When he had passed the jewellery to her, she had conscientiously as ever avoided touching him, which given their close proximity sitting on the floor had required almost balletic skill that she was willing to employ if it meant not burning him. His appreciation of this was unspoken, yet he secretly inhaled her natural perfume, equal parts skin, sweat and—was it smoke? He felt like the blindfolded chef on that Centre cooking show.
Other things remained unsaid as well. Both knew, for instance, that this “braceleting” art or craft, call it what you want, had long since superseded his doing his actual job (which involved receiving, processing, and then resending facts and figures, things which now seemed so boring he couldn’t begin to figure out the words and gestures to explain it). A red square blinked on the Centre’s adjustment for his job, signalling a next to final notice of his absences, something which had only happened once before when he came down with a flu he had gotten from a tiny hole in one window he later plugged with an epoxy. The eventual consequences: docked pay then withheld groceries, and then—well, either he would return to work or he was dead, and in that case, there would be a slow and complete shut-down of the Centre. Unspoken, too: there would not be food enough for two forever and she was strong enough to go now, whenever she wished.

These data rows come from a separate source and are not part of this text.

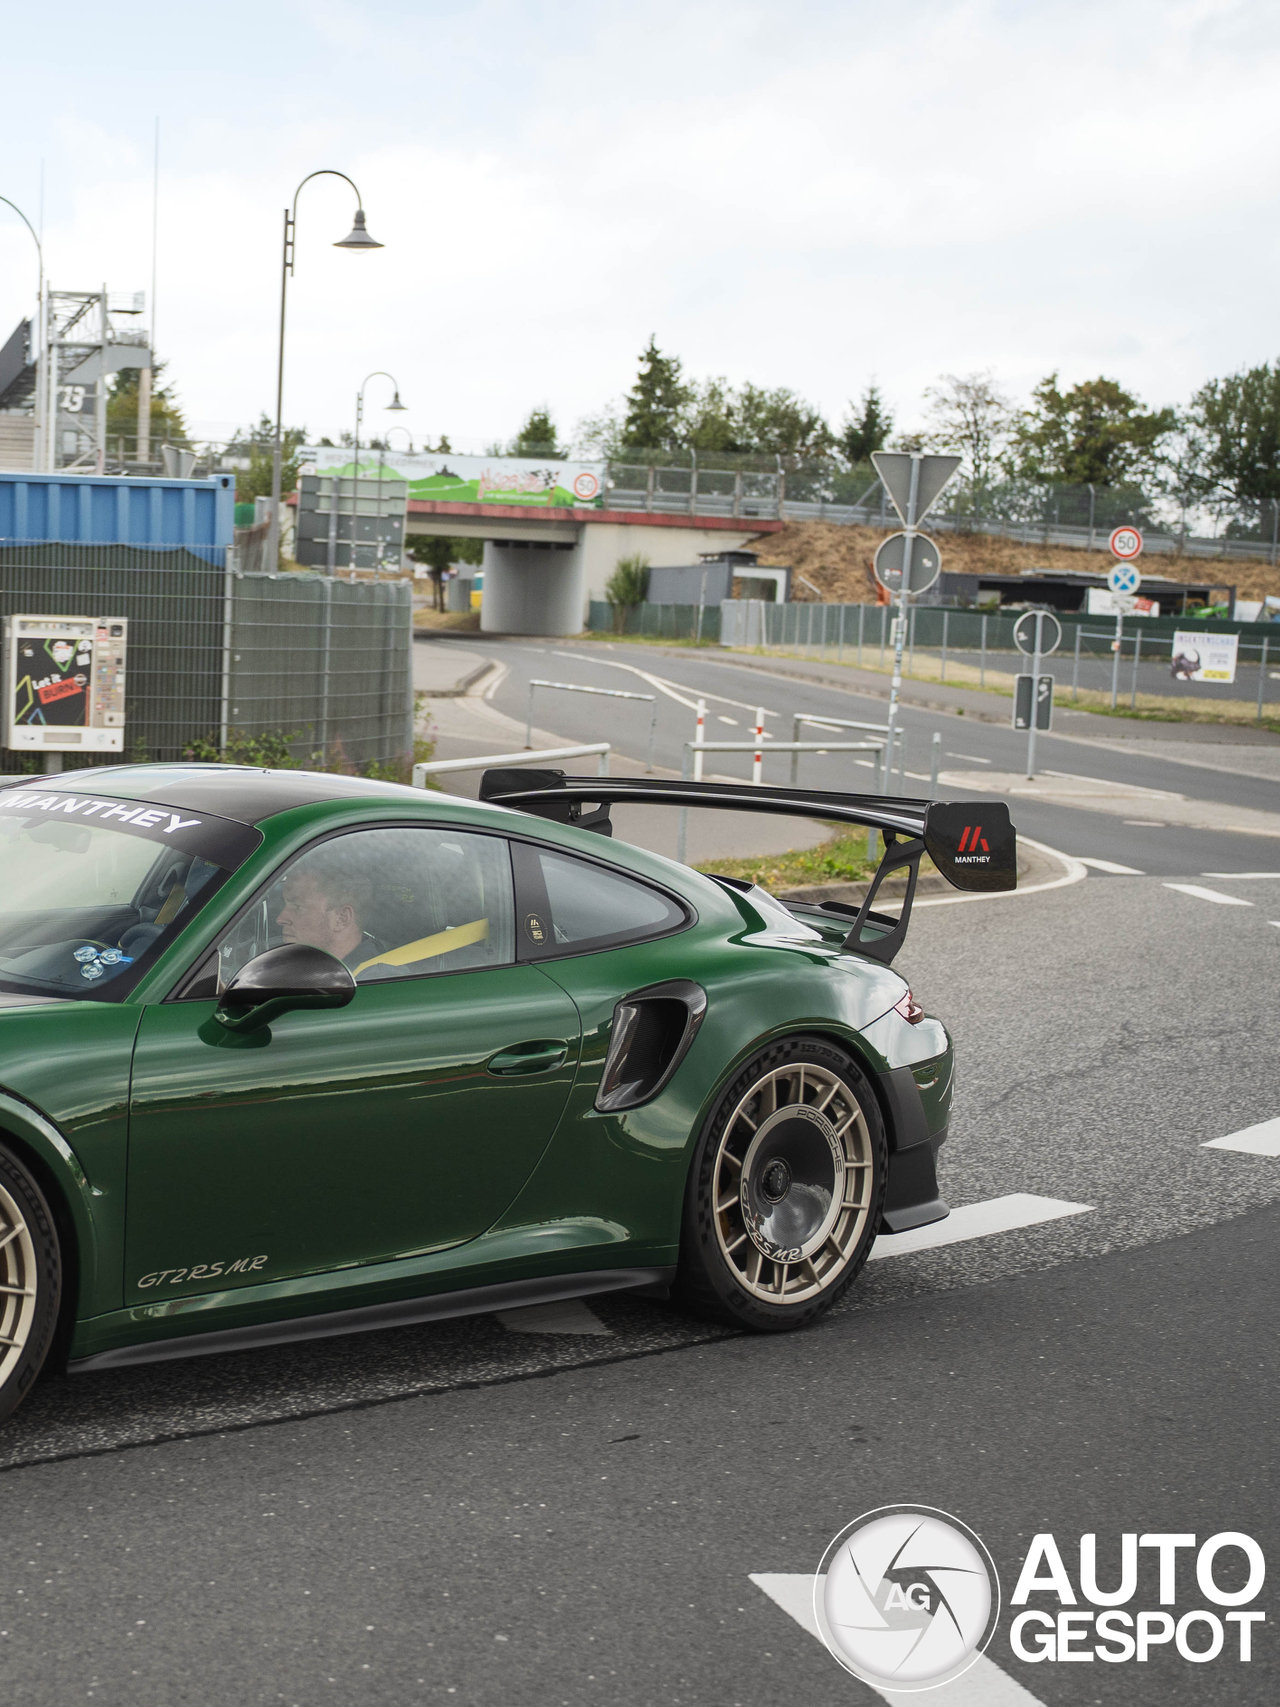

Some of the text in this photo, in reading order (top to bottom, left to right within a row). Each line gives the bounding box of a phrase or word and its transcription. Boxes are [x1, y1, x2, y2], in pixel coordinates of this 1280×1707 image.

[1118, 536, 1135, 550] 50
[954, 856, 991, 864] MANTHEY
[797, 1109, 842, 1173] PORSCHE
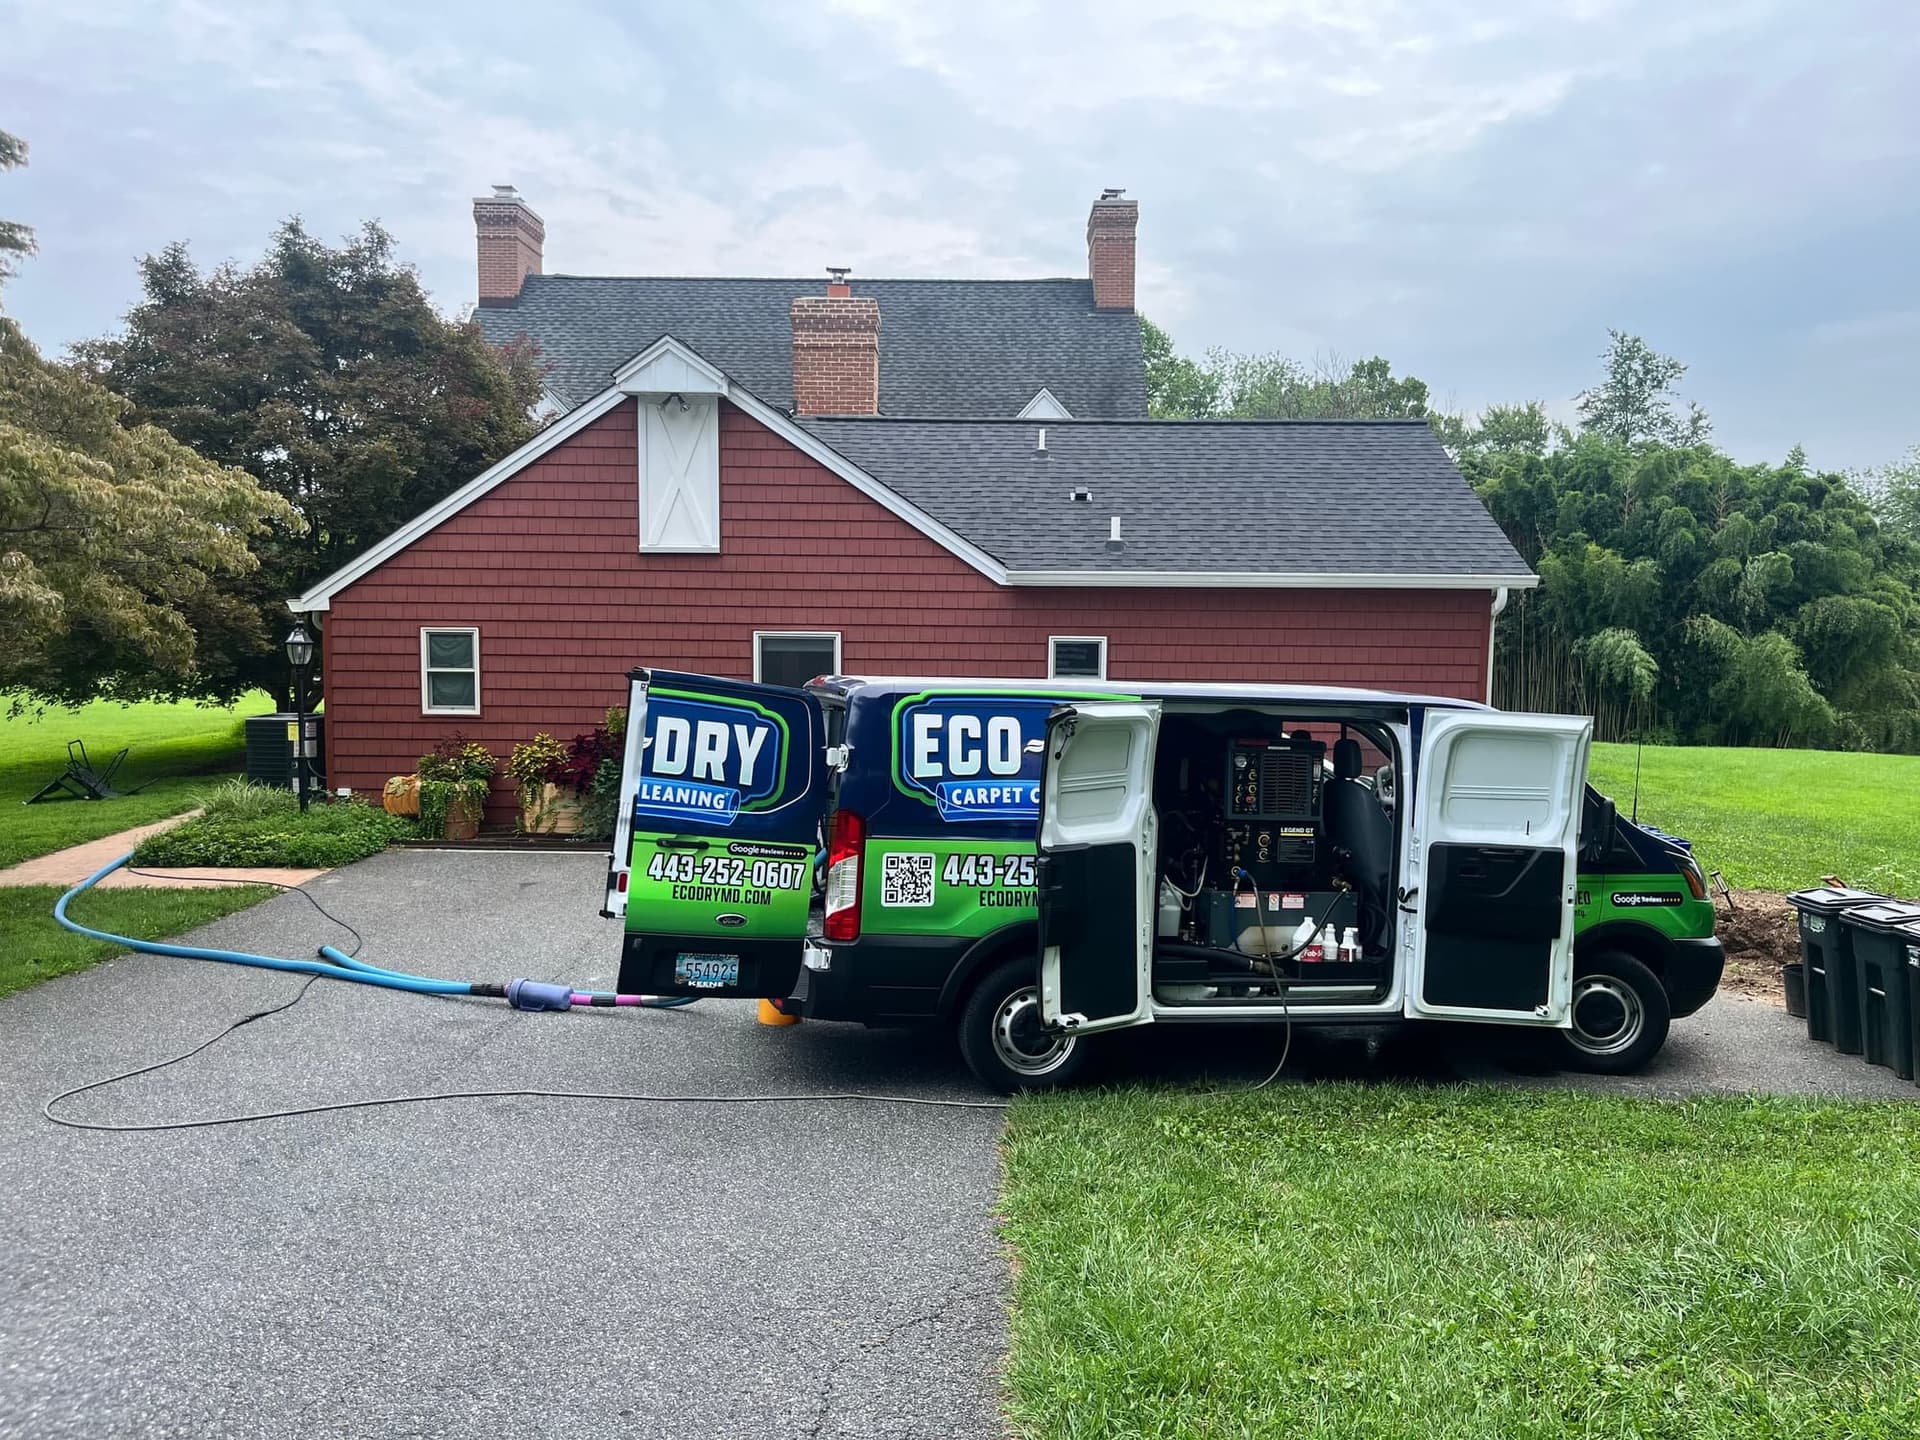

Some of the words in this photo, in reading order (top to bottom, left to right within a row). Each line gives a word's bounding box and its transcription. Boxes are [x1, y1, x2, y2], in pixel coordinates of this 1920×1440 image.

[951, 787, 1023, 805] CARPET
[729, 843, 760, 857] Google
[647, 852, 806, 890] 443-252-0607
[942, 853, 1039, 887] 443-25
[672, 884, 772, 906] ECODRYMD.COM
[1613, 893, 1641, 906] Google

That night, as she slept, he sat awake in his chair, the work warning the only light in the apartment. When his eyes adjusted, he could see again her torso, revealed by the box, her shirt hiked even higher than usual. The signal spotlighted her elegant spine—the bones that led to her brain, her Centre—as if it was a path on the floor of a darkened room in a museum, a way to get out. He swivelled and stared at the triple-thick window, at the slightly shaky, shimmering grey sky that was all he’d ever seen of the atmosphere outside. He knew the glass could only be broken open, unless there was some other odd other way to escape—the air duct or whatever—that he had never learned.
He was willing to make the leap, and leap was what it might be: she would know he didn’t know a thing. If he survived, his life outside would be a reversal of fortune, a shift in his status, a come-down; while that scared him, it intrigued him, too, or so he thought.
He rose. For a second, instinctively, he steered toward her then he took a turn. He stood before the Centre, frozen in its light, then shifting uneasily as if it could see him and judge him (like someone he saw in a story on the Centre who thought a painted portrait on a wall had accusing eyes), though he knew that it did not.
He did not know how to shut it down, for he had never wanted to. The front was smooth. He came close and strained to see a few knobs at the back, the whole area dusty from lack of use. He reached his good hand, could only get it in a little before his forearm, crushed against the wall by the Centre, forbade him going farther. His fingertips managed to turn the first knob, but that did nothing. He touched the second—he’d never get as far as the third—and with an effort spun it twice. To his surprise, this dimmed the light of the Centre’s screen. With a grunt, he plunged in again and twisted it a final time. The light went off entirely, but the Centre’s familiar hum was audible: no matter what he did, it was and always would be on.
He snapped on an overhead light, which startled her. She sat up, blinking, her young face looked weirdly wrinkled by her being so rudely awakened. She appeared beyond beautiful to him: a faun, a newborn, or an angel, whatever image there was for the most hopeful and least cloying creature, he did not care. In a second, he was beside her and beginning to explain.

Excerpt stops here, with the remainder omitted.